2. ta_detail(ta_list, city)

This function takes the list returned by the tripadvisor_attractions() function as well as the city name in a string. I explictly ask for the city name so that Google Places API will find more accurate place details when it looks up each tourist attraction.
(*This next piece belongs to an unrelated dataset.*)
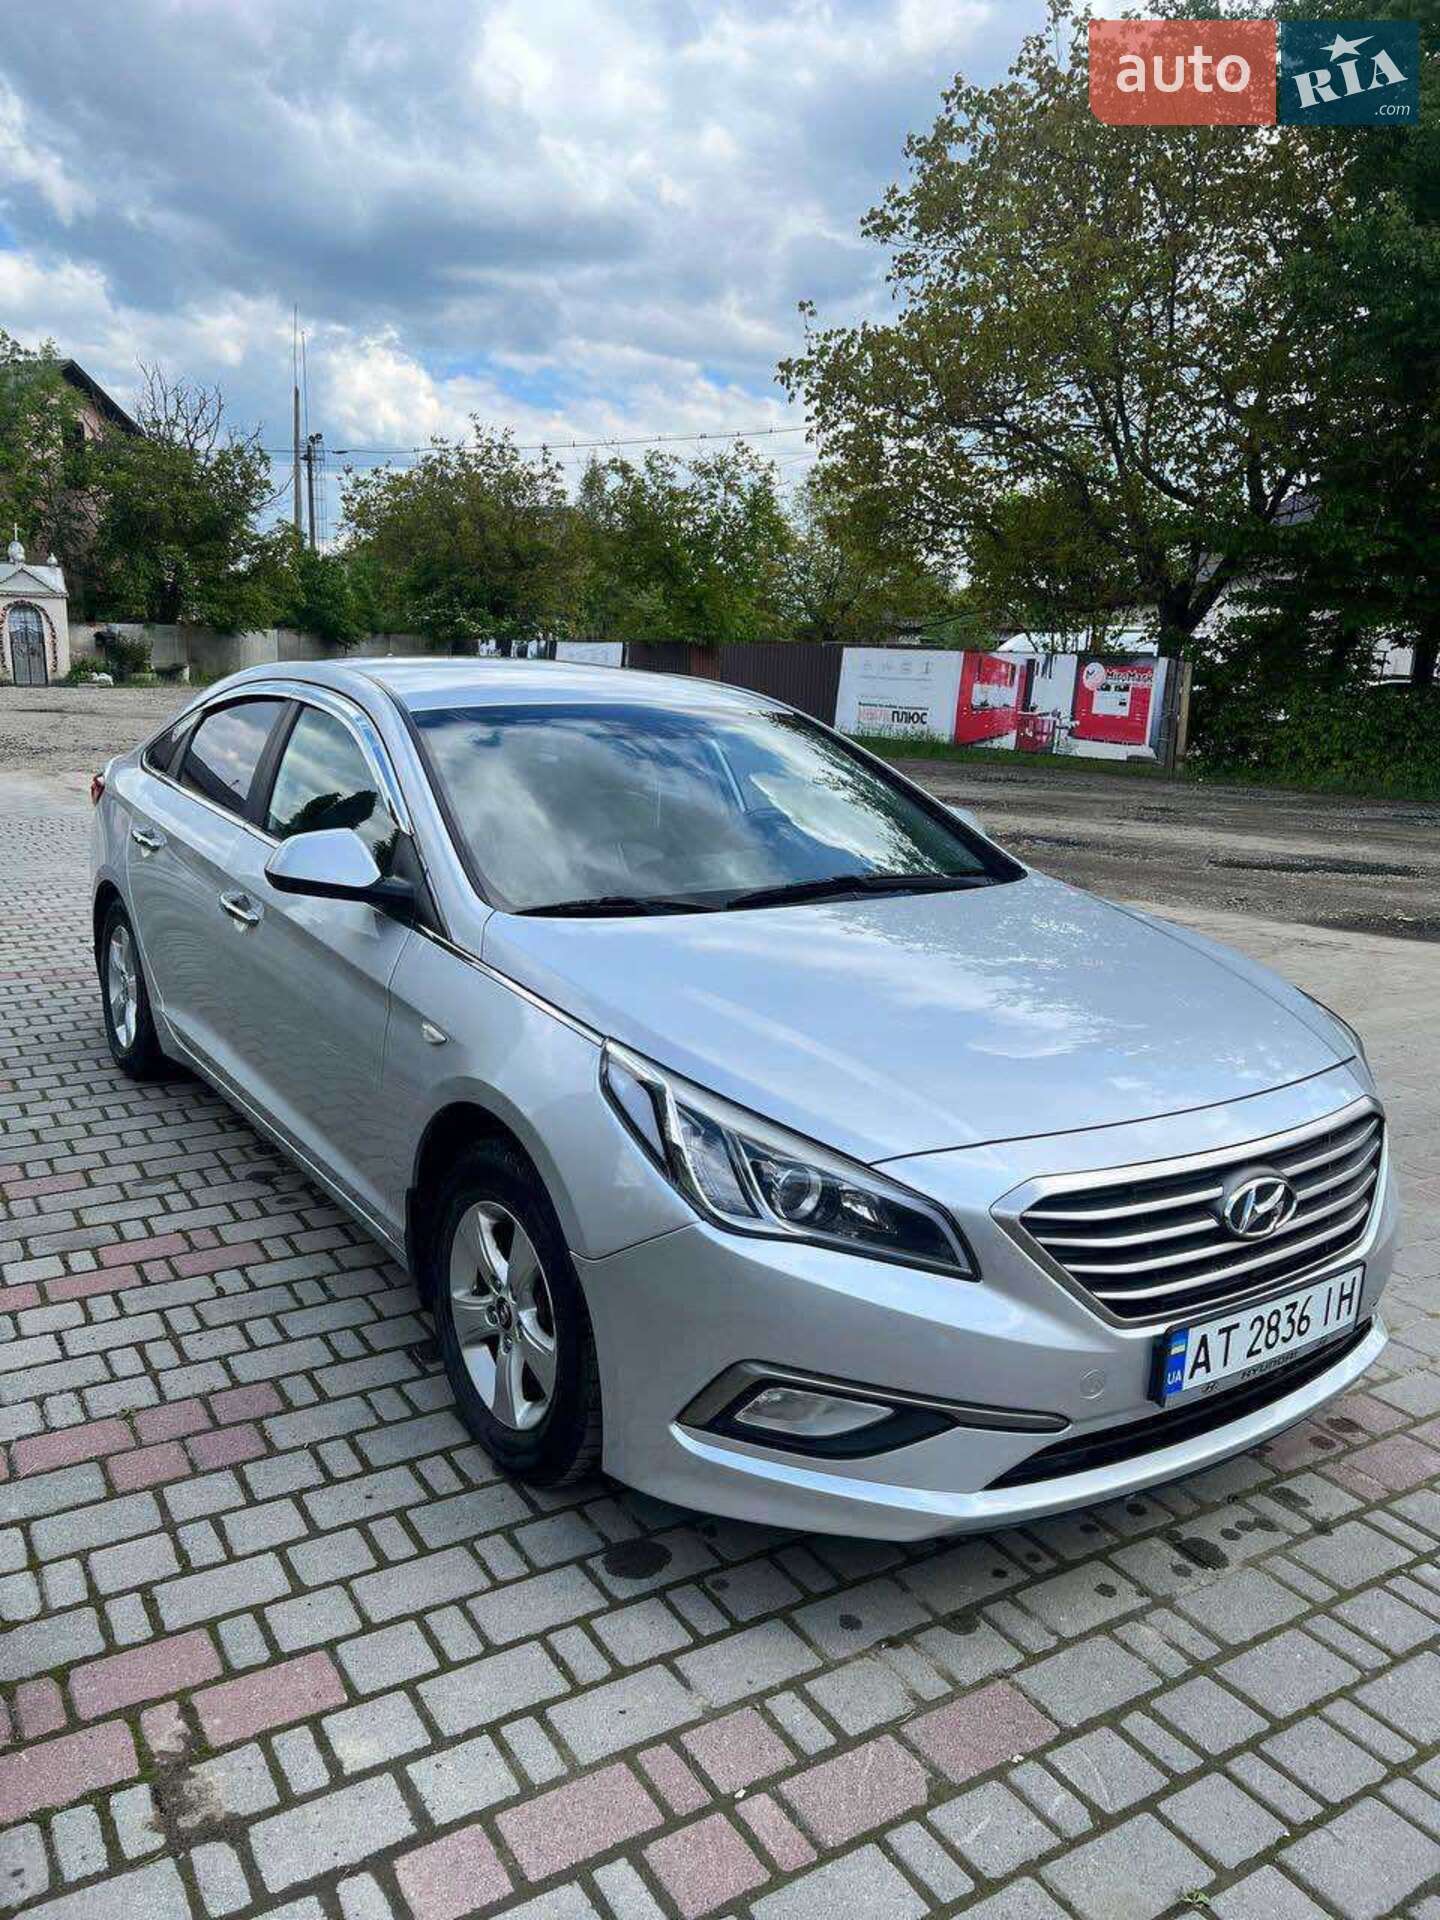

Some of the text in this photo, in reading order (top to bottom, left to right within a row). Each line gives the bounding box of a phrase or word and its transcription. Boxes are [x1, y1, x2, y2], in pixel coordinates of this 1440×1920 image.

[891, 710, 928, 725] ПЛЮС
[1188, 1276, 1357, 1380] AT 2836 IH
[1167, 1367, 1182, 1385] UA
It returns a dataframe of the tourist attraction, its google place ID, longitude, and latitude.


In [6]:
#ta short for tourist attraction
def ta_detail(ta_list, city):
    ta_df = pd.DataFrame( {'Tourist Attraction' : '',
                           'place_id' : '',
                           'longitude' : '',
                           'latitude' : '' },
                        index = range(len(ta_list)))
    
    for i in range(len(ta_list)):
        query_result = gplaces.nearby_search(
                            location = city,
                            keyword = ta_list[i],
                            radius=20000)
        
        #get only the top first query
        query = query_result.places[0]
        ta_df.loc[i, 'Tourist Attraction'] = query.name
        ta_df.loc[i, 'longitude'] = query.geo_location['lng']
        ta_df.loc[i, 'latitude'] = query.geo_location['lat']
        ta_df.loc[i, 'place_id'] = query.place_id
        
    return ta_df

3. latlong_tuple(ta_df)

This function takes the tourist attraction data frame created above then returns a list of (latitude, longitude) tuples for every one of them.


In [7]:
def latlong_tuple(ta_df):
    tuple_list = []
    for j, ta in ta_df.iterrows():
        ta_geo = (float(ta['latitude']), float(ta['longitude']))
        tuple_list.append(ta_geo)
    return tuple_list

4. clean_csv(data_in, geo_tuples)

This function is the main data scraping function. I tried to first import the csv as a dataframe then clearning each entry, but the pandas iterrow and itertuple took a very long time so I decided to do the basic scrubbing when I was importing the csv. This function automatically saves a new copy of the cleaned csv with a file name extension _out.csv. The function itself doesn't return anything.


In [8]:
def clean_csv(data_in, geo_tuples):
    #automatically generates a cleaned csv file with the same name with _out.csv extension
    index = data_in.find('.csv')
    data_out = data_in[:index] + '_out' + data_in[index:]

    #some error checking when opening
    try:
        s = open(data_in, 'r')
    except:
        print('File not found or cannot be opened')
    else:
        t = open(data_out, 'w')
        print('\n Output from an iterable object created from the csv file')
        
        reader = csv.reader(s)
        writer = csv.writer(t, delimiter=',')
        
        #counter for number or rows removed during filtering
        removed = 0
        added = 0
        
        header = True
        for row in reader:
            if header:
                header = False
                
                for i in range(len(row)):
                    #saving indices for specific columns
                    if row[i] == 'latitude':
                        lat = i
                    elif row[i] == 'longitude':
                        lng = i
                row.append('avg_dist')   
                writer.writerow(row)
            
            #only add the row if the number of reviews is more than 1
            elif(int(row[-1]) > 7):
                #creaing a geo tuple for easy calculation later on
                tlat = row[lat]
                tlng = row[lng]
                ttuple = (tlat, tlng)
                
                dist_calc = []
                
                #calculate the distance from each listing and to every top tourist attractions we saved
                #if the distance is for some reason greater than 100, don't add it as it would skew the result.
                for i in geo_tuples:
                    dist_from_spot = round(great_circle(i, ttuple).kilometers, 2)
                    if (dist_from_spot < 100):
                        dist_calc.append(dist_from_spot)
                    else:
                        print(ta['Tourist Attraction'] + " is too far.")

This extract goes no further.